Questa è la speranza, il "non ancora" della vita cristiana, in continua tensione verso la vita futura. Sotto questo aspetto si può comprendere l'importanza che il santo dà nella sua predicazione al senso morale, poiché questo mira al progresso della vita spirituale. Infatti nei Sermones egli prende in considerazione non l'eresia ma il grande decadimento morale come il vero male del suo tempo. Tutti i deviamenti nel campo della fede vengono da lui visti come conseguenza dei deviamenti morali. "Quanto più la predica morale piace, tanto più afferra lo spirito dell'ascoltatore, poiché i costumi sono corrotti. Perciò si deve curare più la predica morale, che porta a predicare le virtù morali, che la predica allegorica che fornisce cognizione sulla fede. Per grazia di Dio la fede è già sparsa in tutta la terra".

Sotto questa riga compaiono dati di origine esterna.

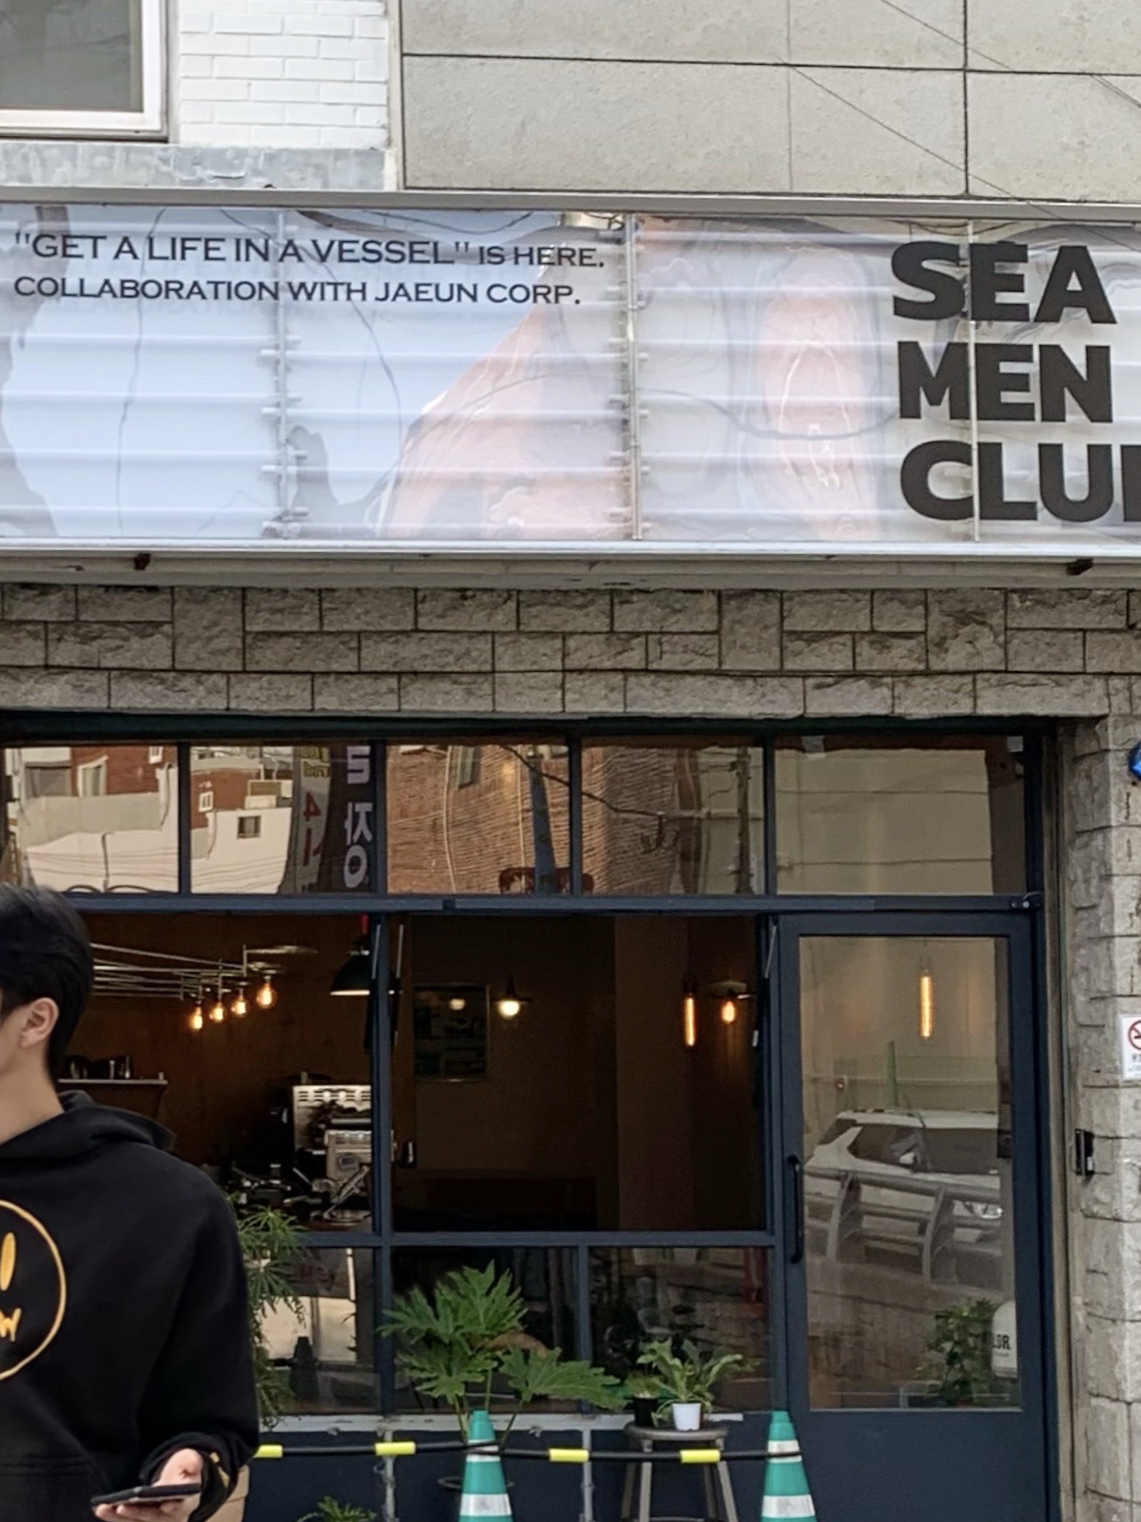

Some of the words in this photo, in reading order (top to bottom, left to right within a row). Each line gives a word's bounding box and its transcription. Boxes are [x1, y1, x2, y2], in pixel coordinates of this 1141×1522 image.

[14, 276, 279, 301] COLLABORATION
[288, 281, 367, 303] WITH
[374, 282, 478, 304] JAEUN
[486, 284, 582, 306] CORP.
[113, 236, 140, 260] A
[148, 237, 227, 261] LIFE
[235, 237, 270, 262] IN
[279, 239, 305, 263] A
[479, 245, 505, 265] IS
[513, 247, 605, 268] HERE.
[891, 240, 1118, 324] SEA
[897, 340, 1114, 423] MEN
[900, 439, 1141, 523] CLU
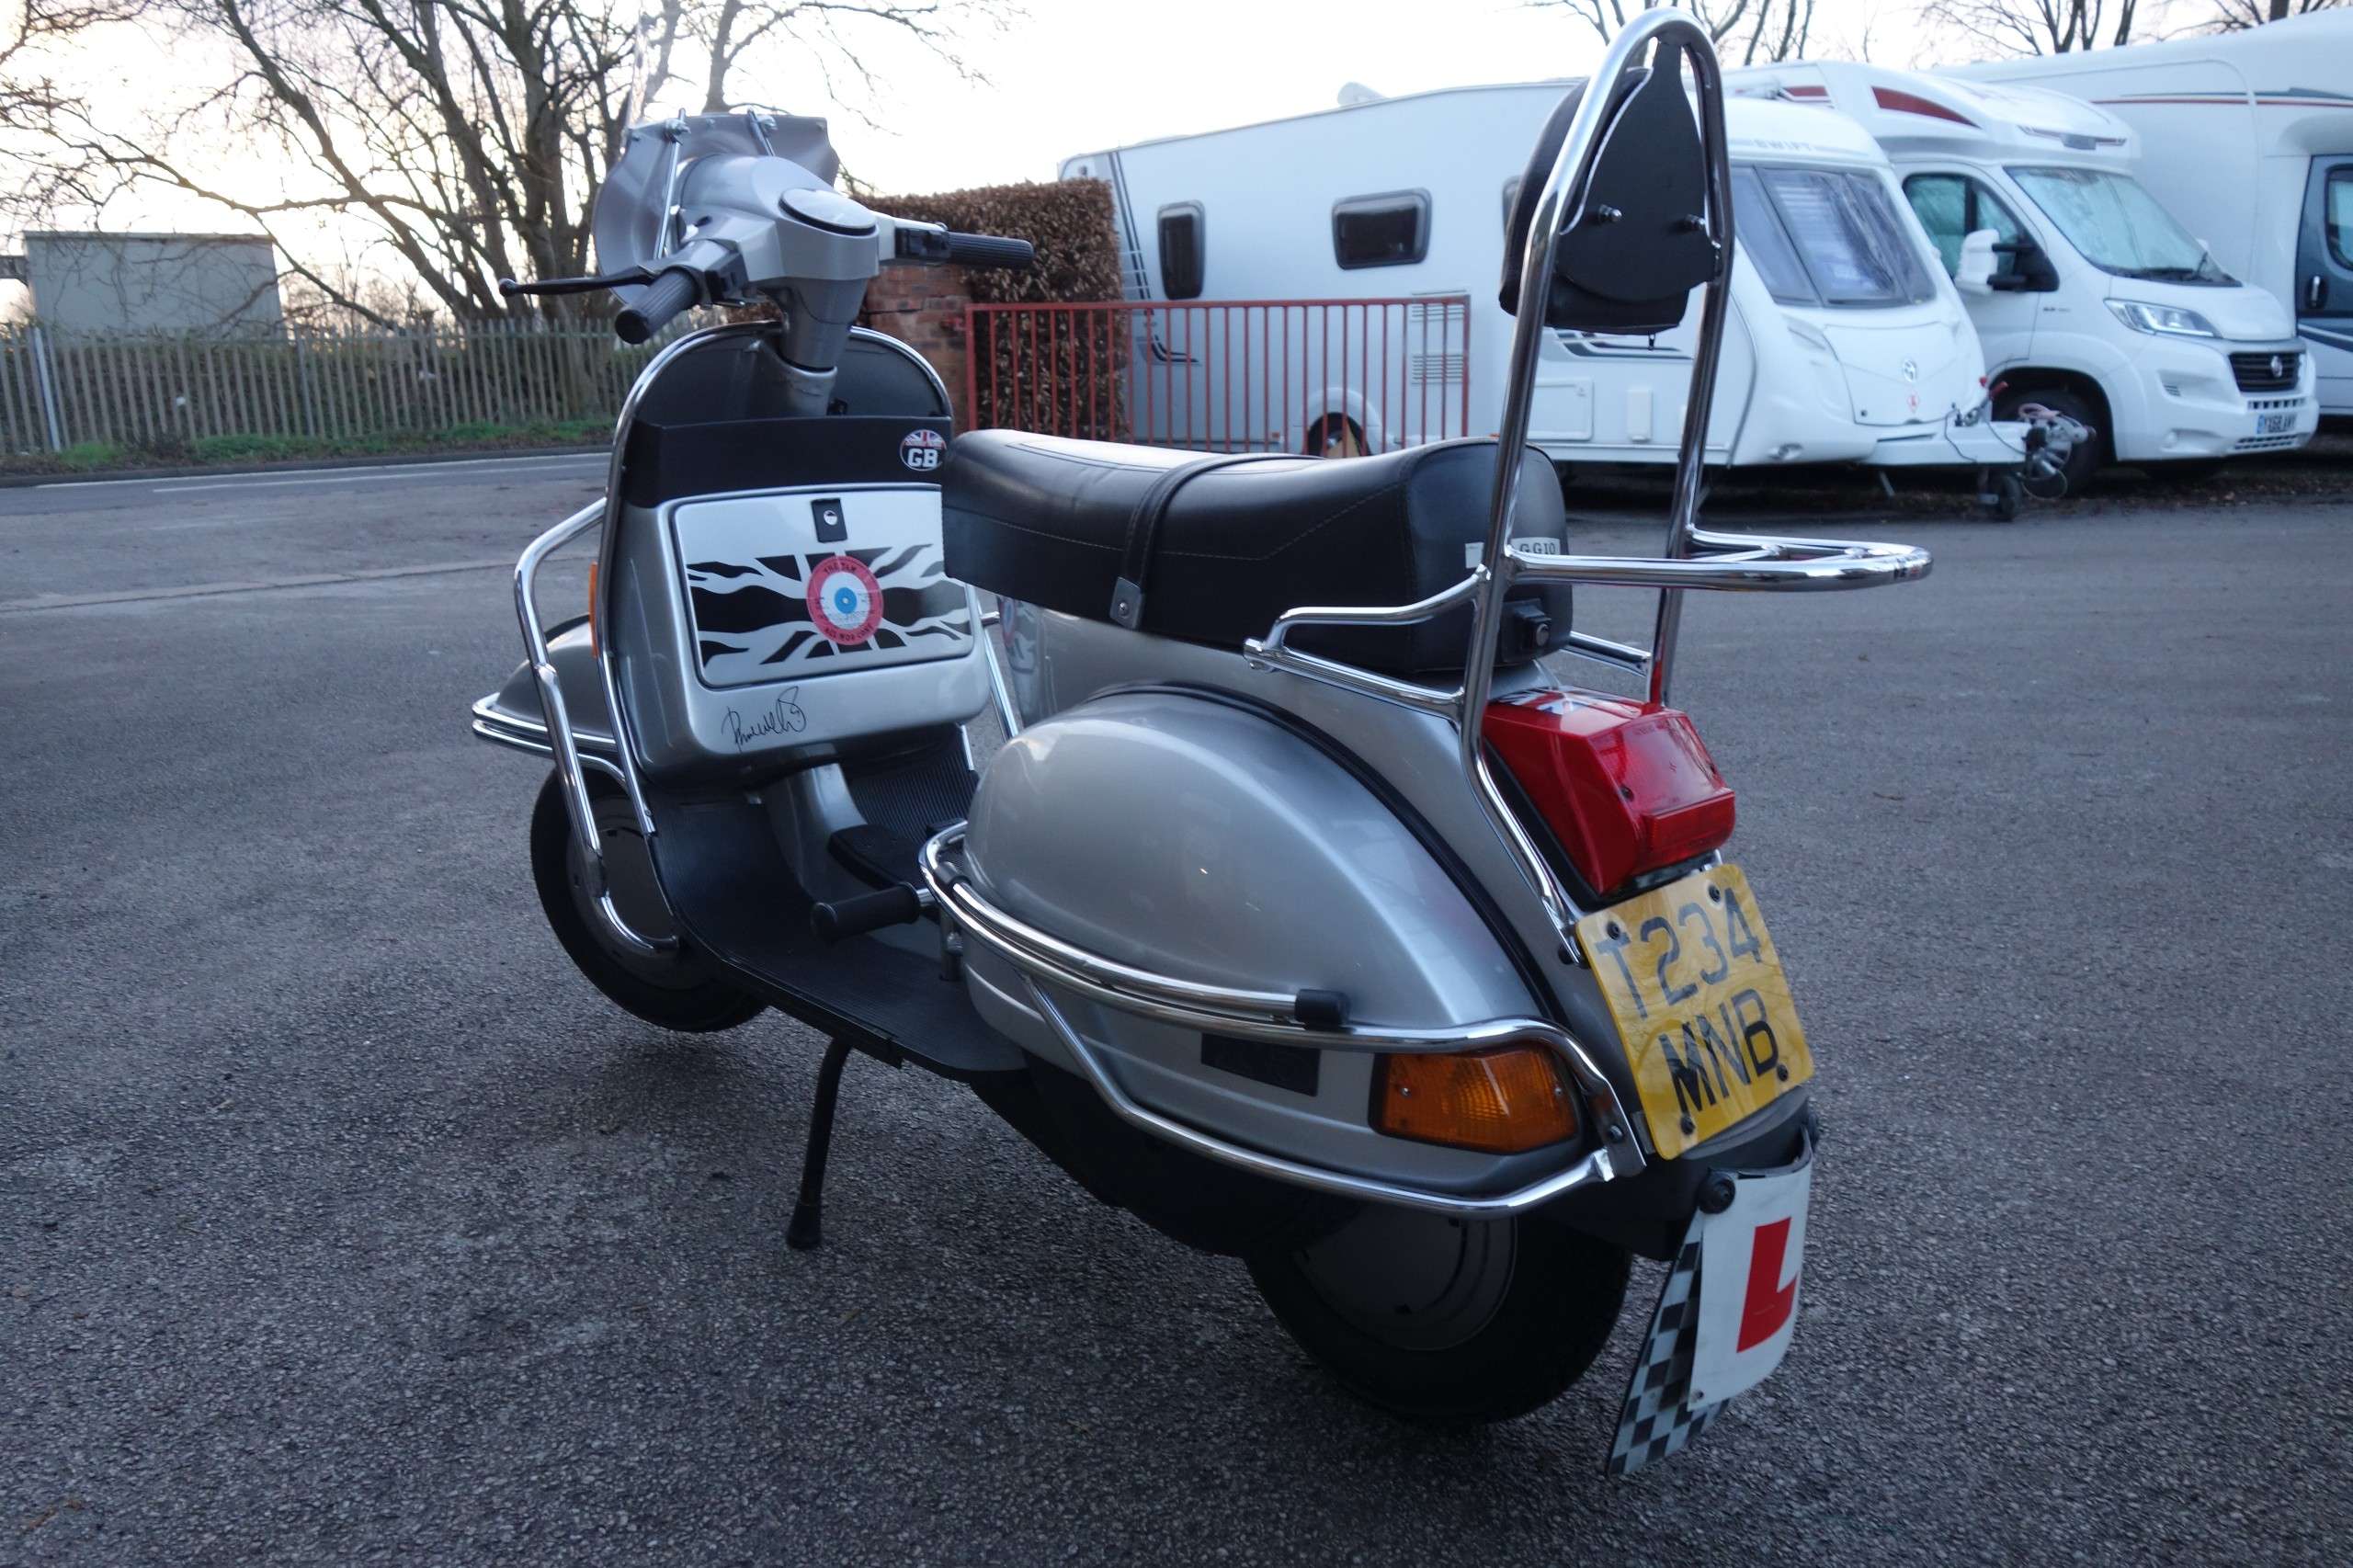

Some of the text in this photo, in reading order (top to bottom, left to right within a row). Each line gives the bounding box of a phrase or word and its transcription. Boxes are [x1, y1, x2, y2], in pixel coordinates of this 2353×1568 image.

[908, 448, 938, 467] GB
[824, 562, 837, 574] THE
[1595, 887, 1762, 1019] T234
[1658, 988, 1780, 1114] MNB
[1736, 1217, 1798, 1354] L
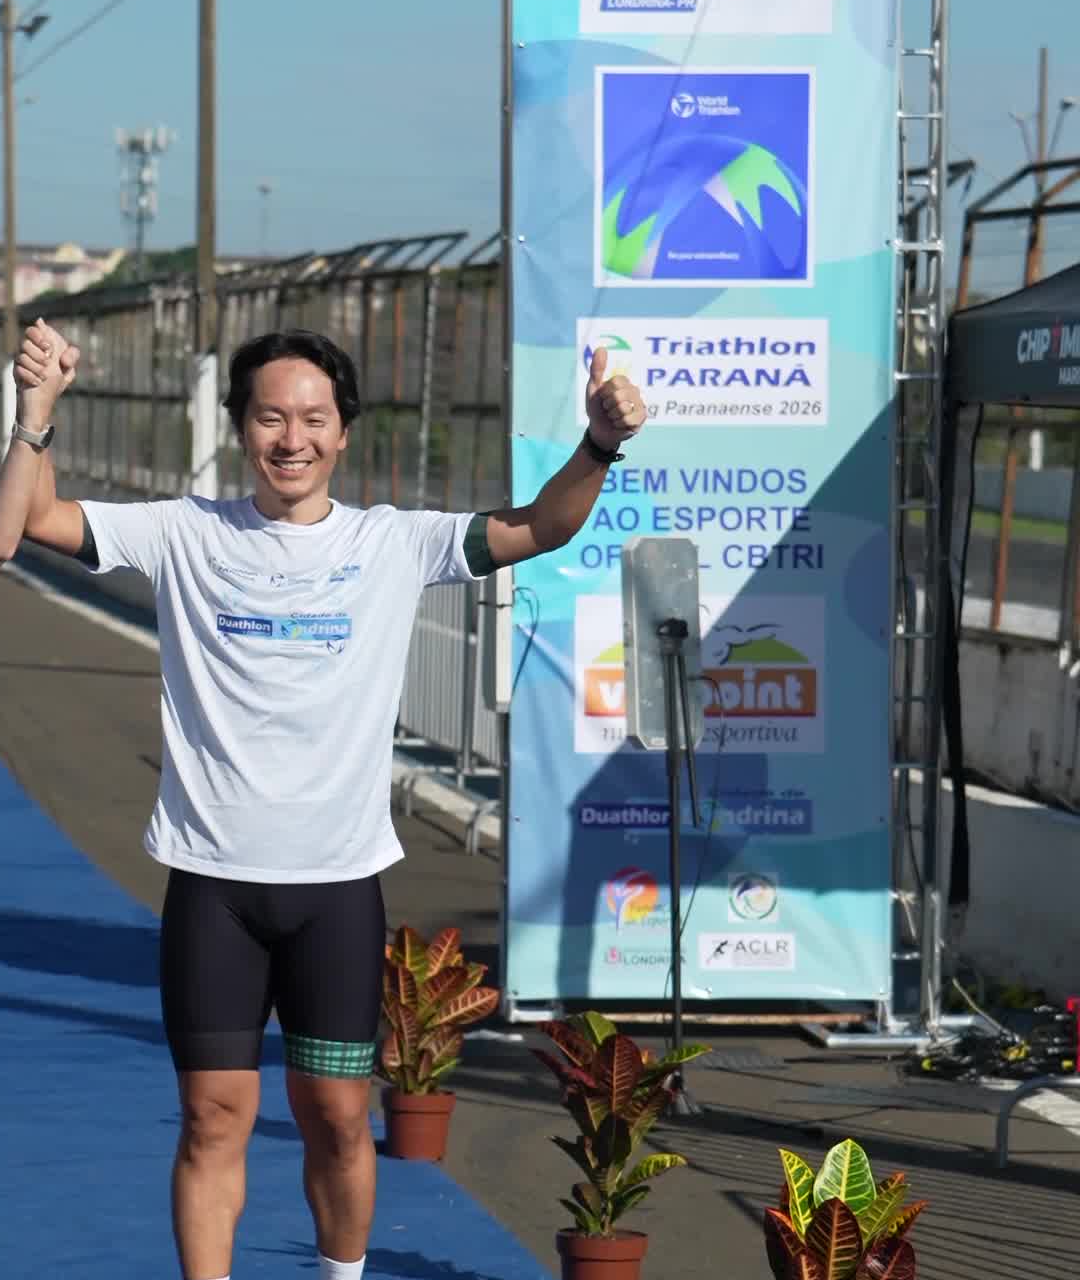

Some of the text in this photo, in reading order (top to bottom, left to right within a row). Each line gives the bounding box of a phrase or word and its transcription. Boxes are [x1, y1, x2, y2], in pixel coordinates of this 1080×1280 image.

[645, 336, 816, 356] Triathlon
[665, 401, 773, 416] Paranaense
[779, 401, 822, 416] 2026
[601, 468, 807, 494] BEM VINDOS
[593, 506, 811, 531] AO ESPORTE
[723, 544, 825, 569] CBTRI
[218, 616, 271, 632] Duathlon
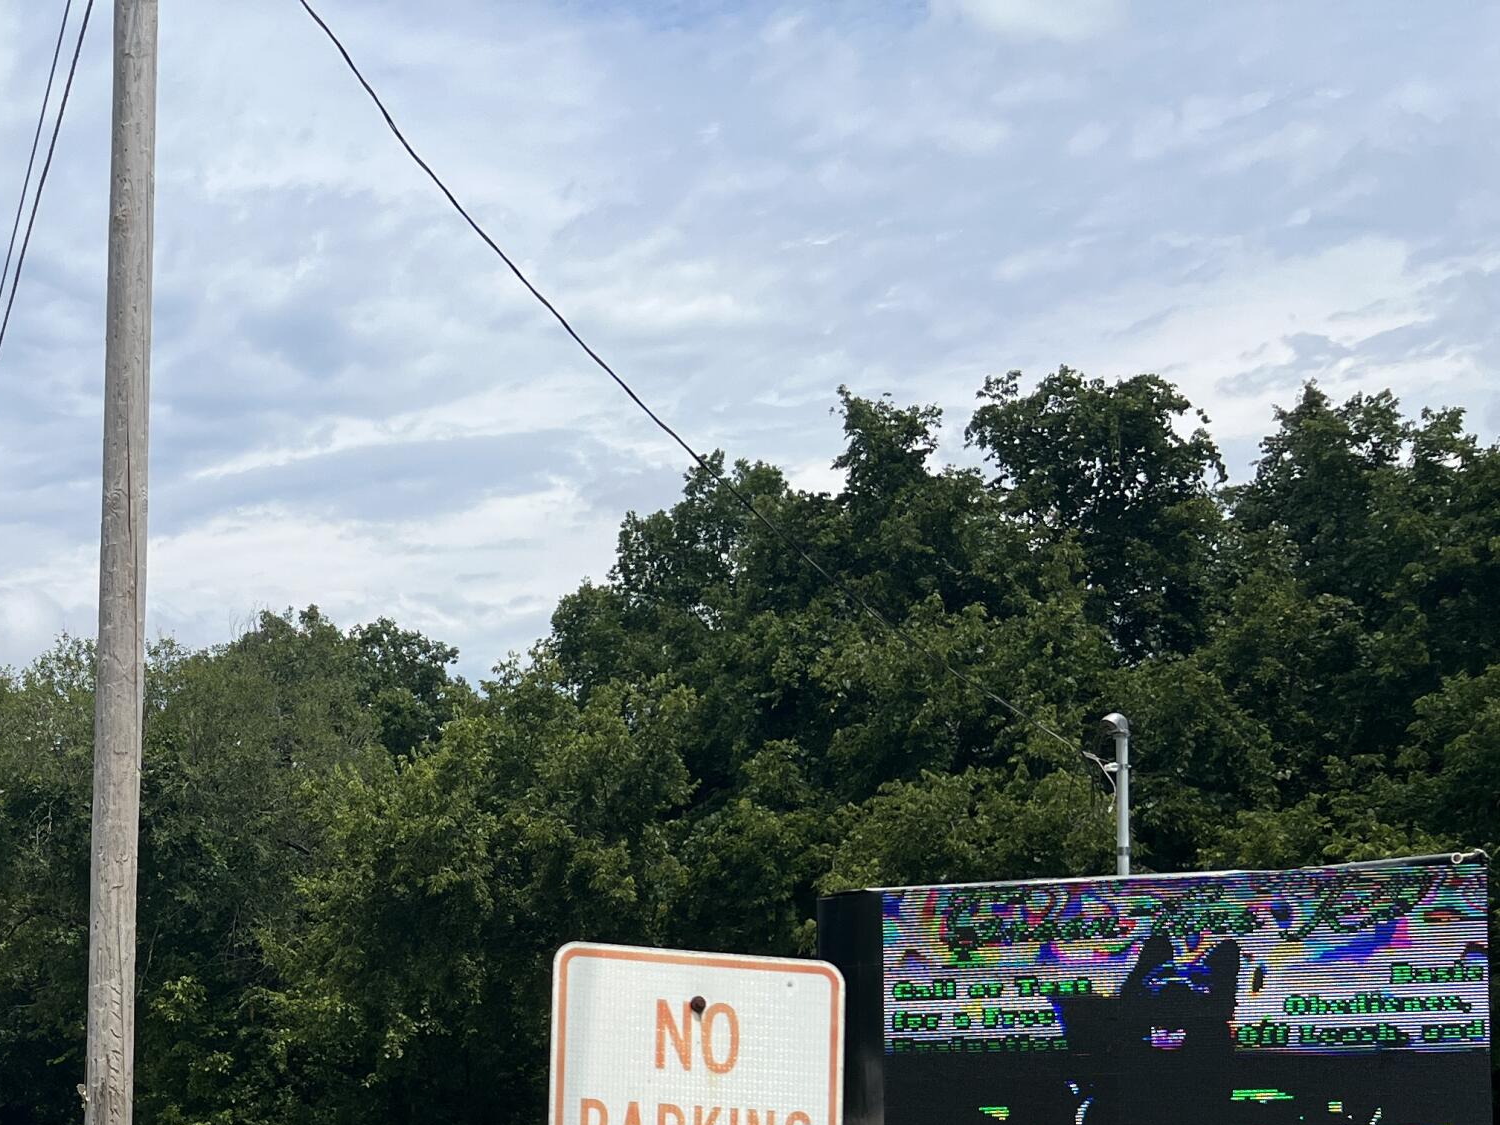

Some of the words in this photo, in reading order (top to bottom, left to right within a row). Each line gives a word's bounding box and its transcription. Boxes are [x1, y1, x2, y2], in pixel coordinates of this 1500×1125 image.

Nell’opera antoniana la Sacra Scrittura occupa un posto fondamentale, anche perché la consuetudine del tempo faceva della Scrittura la fonte principale e quasi esclusiva dell'insegnamento teologico. La Sacra Scrittura era per i maestri di Parigi la principale materia della lectio, l'oggetto supremo di tutta l'ermeneutica teologica e la condensazione della vera scienza.

E così era per Antonio che nelle aule di S. Croce di Coimbra aveva appreso ad amare e gustare la Scrittura. Di qui l'alto concetto che il santo ha della parola di Dio, fino a scrivere che "nell'Antico e nel Nuovo Testamento c'è la pienezza di tutta quella scienza, la sola che si deve sapere, la sola che fa sapienti"; "dal testo delle pagine sacre emana l'intelligenza della Scrittura; come l'oro è più prezioso di tutti gli altri metalli, così l'intelligenza della Scrittura supera tutte le altre scienze. Chi non conosce la Scrittura, non sa assolutamente nulla".

La conoscenza che aveva della medesima era talmente vasta e profonda che, al dire delle antiche leggende, se fossero stati distrutti tutti i libri sacri sarebbe bastata la memoria del santo per riscriverli.